Inland areas such as Harbor Gateway, which generally attract first-time homebuyers, are likely to feel the pain from the credit crunch more so than the beach cities, James said.

"That's where this stuff started and that's probably where it's going to end," James said. "You're going to see a few defaults in the beach areas, but nothing like what you're going to see in the entry-level areas."

Next, for an excellent overview of the pros and cons of FHA loans (as well as other timely posts), here's a summary from the SFVRealEstate blog, which is authored by Broker Associate Judy Graff and covers local and national topics for L.A.'s San Fernando Valley:

New FHA Loans: What You Need to Know

  • New FHA restrictions just came out. Here’s the upside.
  • The loan limits for SFR in L.A. are $729,750 (same as “jumbo conforming”).
  • Loan limits for 2 units are $934,200.
  • The interest rate is 6% as of this writing; however, there is mortgage insurance (see below).
  • Minimum down payment is 3% (not including closing costs).
  • Fixed rate and Adjustable rate programs are available.
  • Must be full documentation loan. No stated income loans.
  • No buyer reserve requirement (this is also huge).
  • No income limits.
  • The seller can contribute up to 6%, including closing costs, although the seller does not have to pay the closing costs.
  • There can be non-occupant co-signers on the loan.
  • You do not have to be a first-time buyer.
  • Gifts are permitted for the entire 3% borrower investment and don’t need to be “seasoned.”
  • Gifts are also permitted for all closing costs & pre-paid items.
  • Down payment assistance programs are permitted, such as city first-time buyer housing programs.

Now, here’s the downside:

  • There is mortgage insurance. It equals either 0.5% point per month, or 1.5% points up front.

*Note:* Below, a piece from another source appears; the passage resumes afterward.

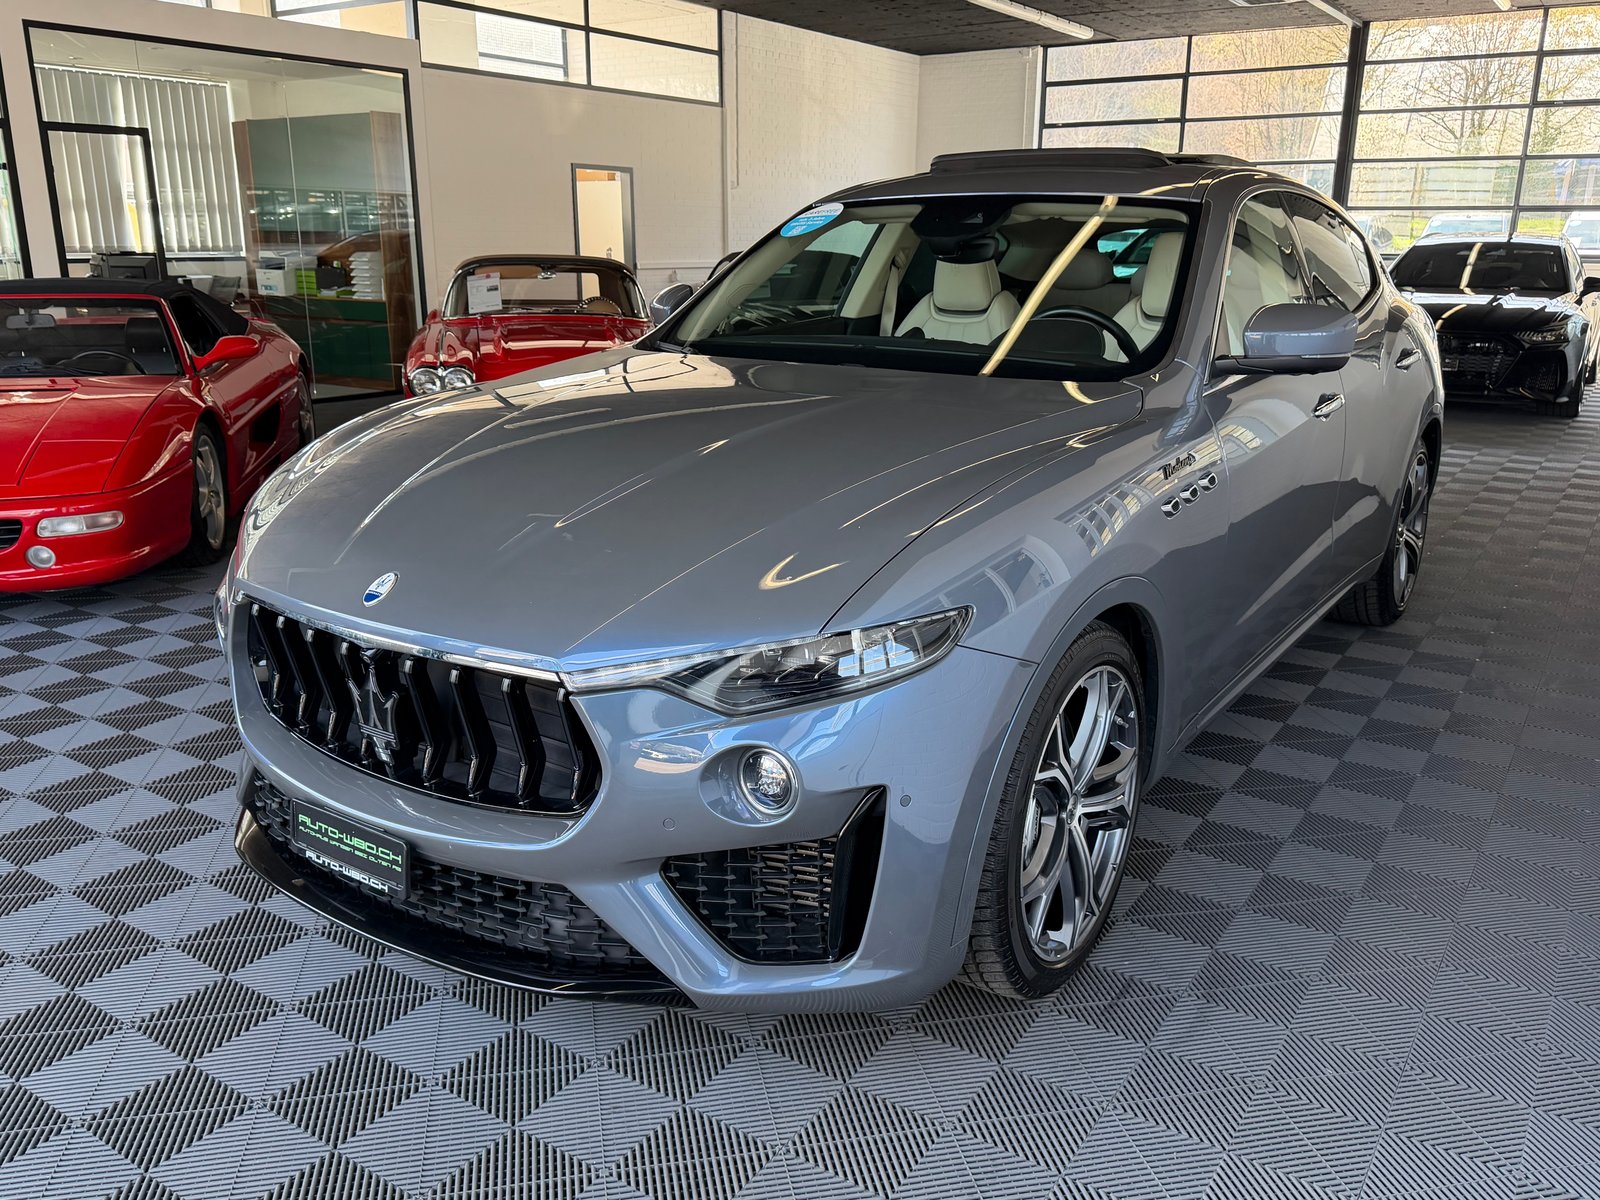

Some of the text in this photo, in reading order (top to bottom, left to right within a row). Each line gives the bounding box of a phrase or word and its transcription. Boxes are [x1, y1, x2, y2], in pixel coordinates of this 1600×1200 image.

The up-front payment is deductible from your taxes during the year that you buy.
  • There are stricter appraisal requirements:
  • Any operable or useful element in the subject property must have at least 2 or more years of useful life or it must be replaced.
  • The appraiser must be FHA-approved.
  • The appraiser can require a separate inspection upon any “visible” defect or if he/she has knowledge of any existing problem.
  • The property must be structurally sound.
  • It must have a useable garage.
  • The property cannot have code violations.
  • Each living unit much contain domestic hot water, sanitary facilities and a safe method of sewage disposal. Connection to public systems is required if available.
  • Heating systems must be adequate for healthful and comfortable living conditions.
  • Condo projects must be pre-approved; they can be spot-approved but this is much more difficult.
  • Condo projects must have sufficient reserve funds.